Salem man looks back on moon landing
SALEM — When astronaut Neil Armstrong took that small step for man and giant leap for mankind 50 years ago today, he got a big boost from so many others.
Among the hundreds of NASA support team members was Ronnie White. A longtime Salem resident, he was tasked with helping monitor fuel and oxygen levels for the space program including the history-making Apollo 11 lunar landing.
Not bad for a young guy just a half-dozen years out of high school.
Tall and gangly and into music and not football and other sports, White was bullied in school. He graduated near the bottom of his 1963 Beaver Local High School graduating class.
“I was like number 85 in a class of 93, 94,” he recalled with a chuckle.
Looking to develop self-esteem and take on a challenge he joined the Marines. Smack dab during the Vietnam War. Not drafted and reluctant to go like so many others but volunteering to go fight.
Reared in Calcutta, White ended up serving four years of active duty including 14 months in Vietnam. He was involved in heavy fighting as an automatic rifleman. He saw the bloodshed, the wounded and the dead. Yet he has no regrets.
“The Marines made me a man,” he said. “I wanted to go fight over there. I was one of those kids in school who was always bullied and picked on. I wanted to make something more of myself. The military didn’t lose that war, Congress did — they’re the ones who pulled everyone out.”
Jump ahead post-Vietnam and White who also served two years of inactive duty, went job searching. He had a pal whose dad worked for NASA in California. The Mojave desert was utilized for moon landing simulations.
He made a solid impression and got the job. He ended up on the east coast, working at the Goddard Space Flight Center in Greenbelt, Md. which is just northeast of Washington, D.C.
“I was 22 and it was my first job coming out of high school and I was earning $300 a week which was a lot of money back then,” White remembered. “I got there just as the Apollo program was getting started.”
As a member of a vast support team for the space program, he was trained to monitor critical components such as fuels and oxygen.
“I helped take care of the supply work; it was the most exciting job I had in my life,” he said. “It was a unique job. The hours were long. We worked all the time even when there was no launch. There was always plenty to do.”
The Apollo 11 flight, moon landing and return was a true out-of-this-world experience for those directly involved. And although the spotlight was on mission control in Houston, the support team tentacles expanded elsewhere including the Goddard Space Flight Center.
“I was there for the launch and there for the landing, monitoring such things as the fuel and oxygen,” White said. “The Goddard Space Center was like a third cousin because Houston was in control. There was a whole lot more going on behind the scenes than what you saw on TV. Houston was the fair-haired child — getting all the glory. We got a pat on the back.”
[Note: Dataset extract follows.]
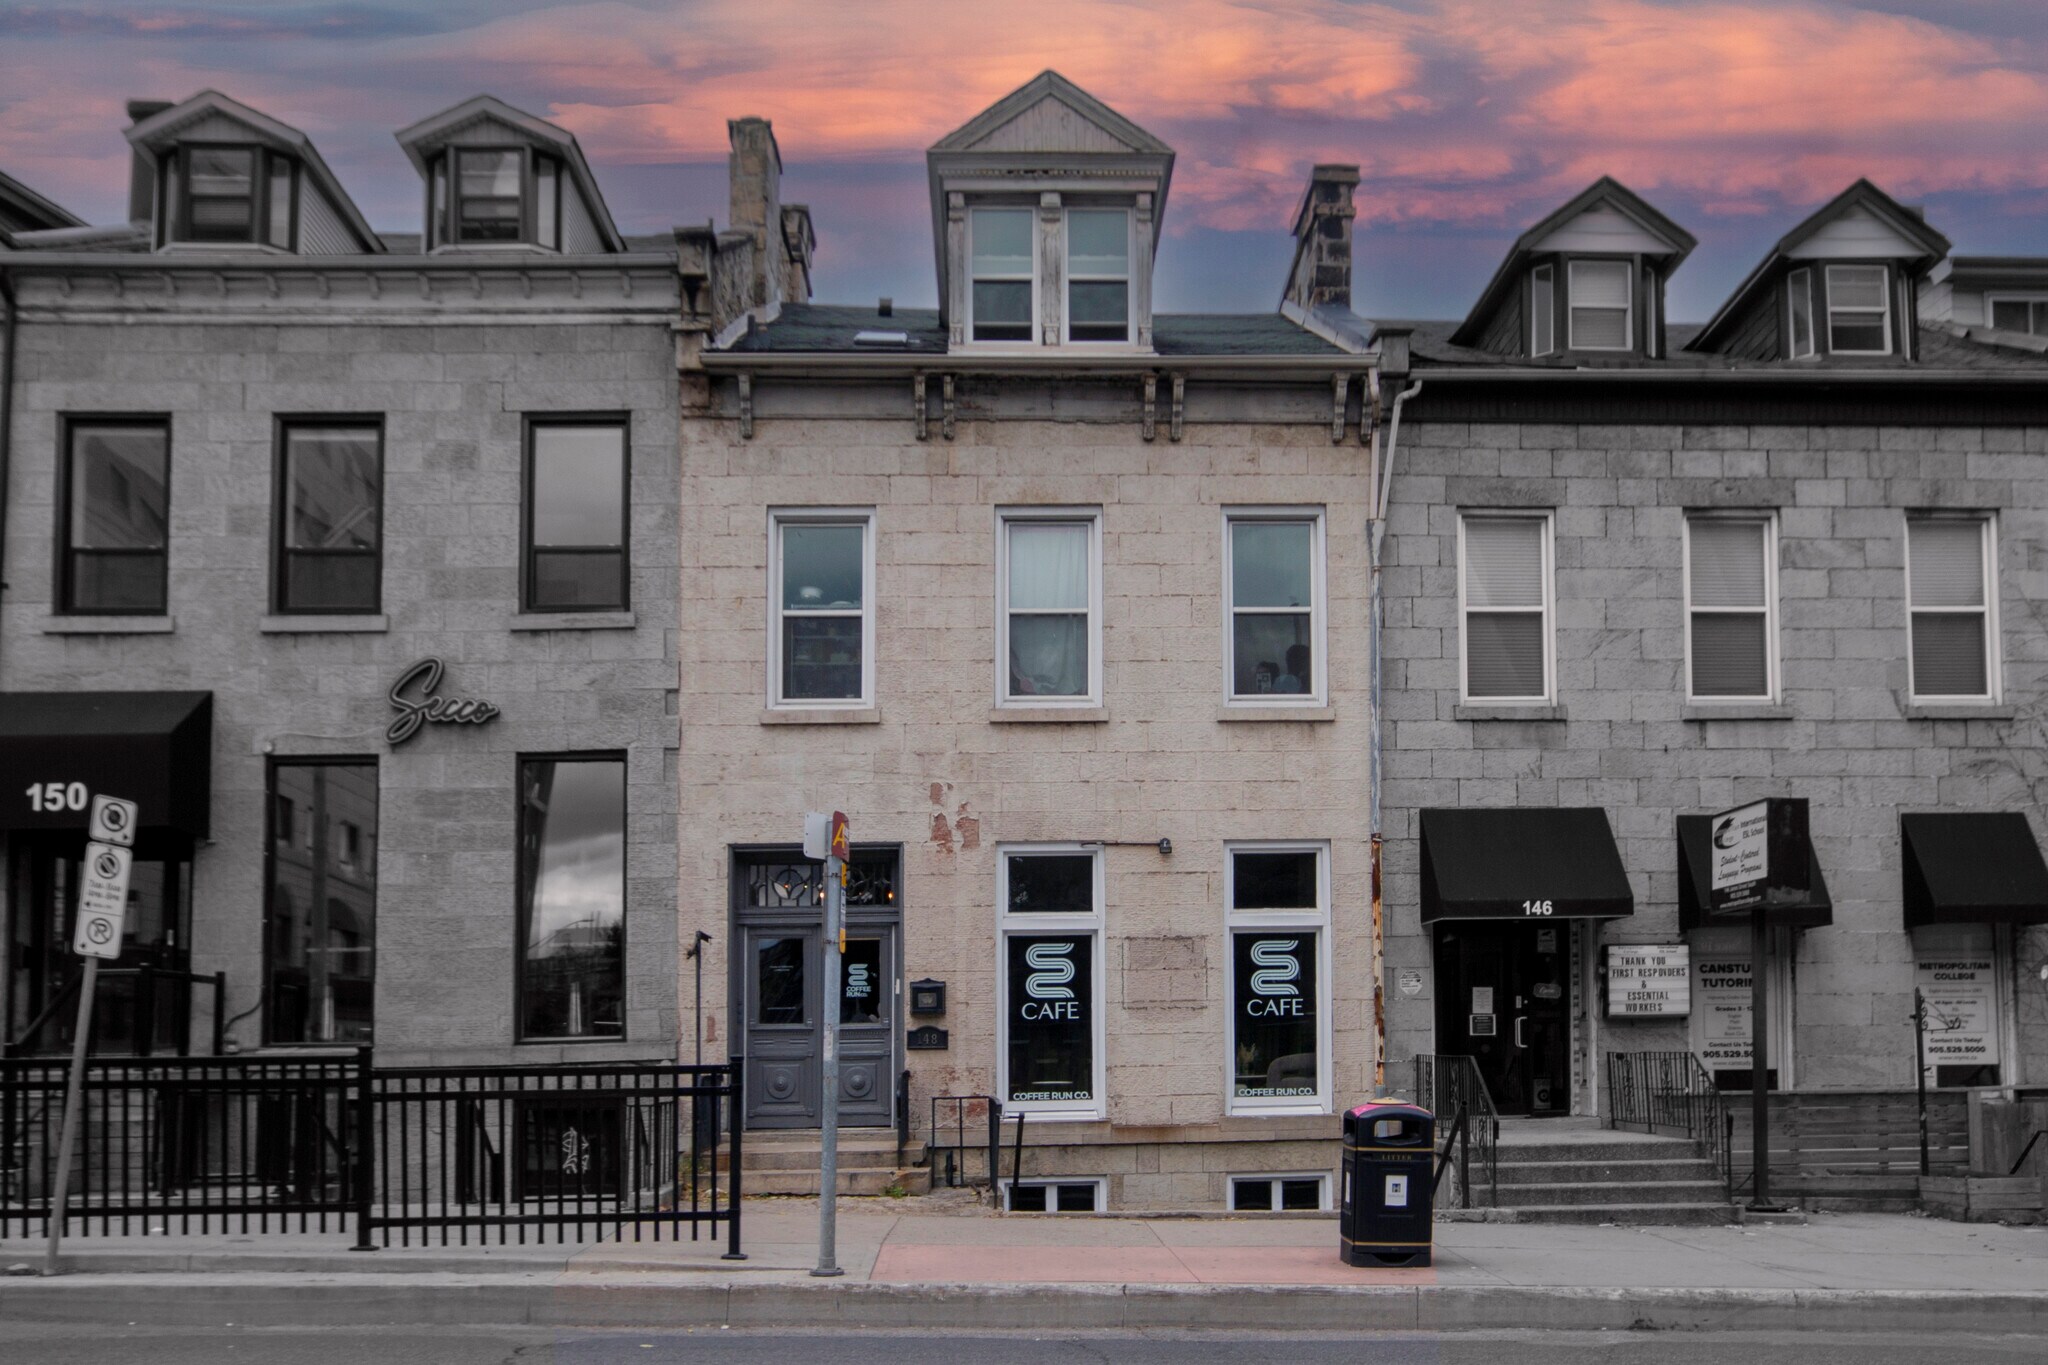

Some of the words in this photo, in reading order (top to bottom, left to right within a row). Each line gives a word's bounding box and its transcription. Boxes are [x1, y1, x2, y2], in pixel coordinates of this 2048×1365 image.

White did receive NASA recognition proclamations for being part of the historic Apollo 11 mission. He beamed like a full moon when asked about the pride involved with being part of moon landings — six missions landed men on the moon.
“It was a feat nobody had accomplished but we did,” White said. “So many little things that could’ve gone wrong. It was a relief when it was over. There was a sigh of relief when it was over and we moved on to the next thing.
“I’m definitely proud of that. I was there for the good stuff. How many people in Salem had anything to do with Apollo, physically and hands-on? I’m proud as hell of that part of my life.”
Being directly involved in two of the most dramatic events in American history and certainly the turbulent times of the 60s and 70s — the Vietnam War and man landing on the moon — is a distinction few carry through their lifetimes.
“I know I’ve done well in my life,” said White who lives in Salem with his wife, Judy, also a 1963 Beaver Local High School graduate.
In 1983 he moved back to Ohio where he worked in our area as a electrical tradesman.
Now 75, he suffers from various illnesses traced to Agent Orange — the tactical herbicide used by the military on trees and vegetation during the Vietnam War. It was named for the orange band around storage cans of the toxic compound.
“We used to get yellow powder on our uniforms,” recounted White who carries 16 dozen stents and counting inside his body. He was wired with electrodes when interviewed. “We were told it was nothing to worry about,” he said sardonically.
It took a good seven, eight years but he did get 100 percent disability. Still he said: “I’m proud of Vietnam. I wouldn’t change a thing.”
As for today, he will get a unique sense of accomplishment not many Americans will when glancing upwards and thinking back a half-century ago.
“NASA, the Apollo program, was the highlight of my life,” he said. “I was there. Oh yeah, I was there.”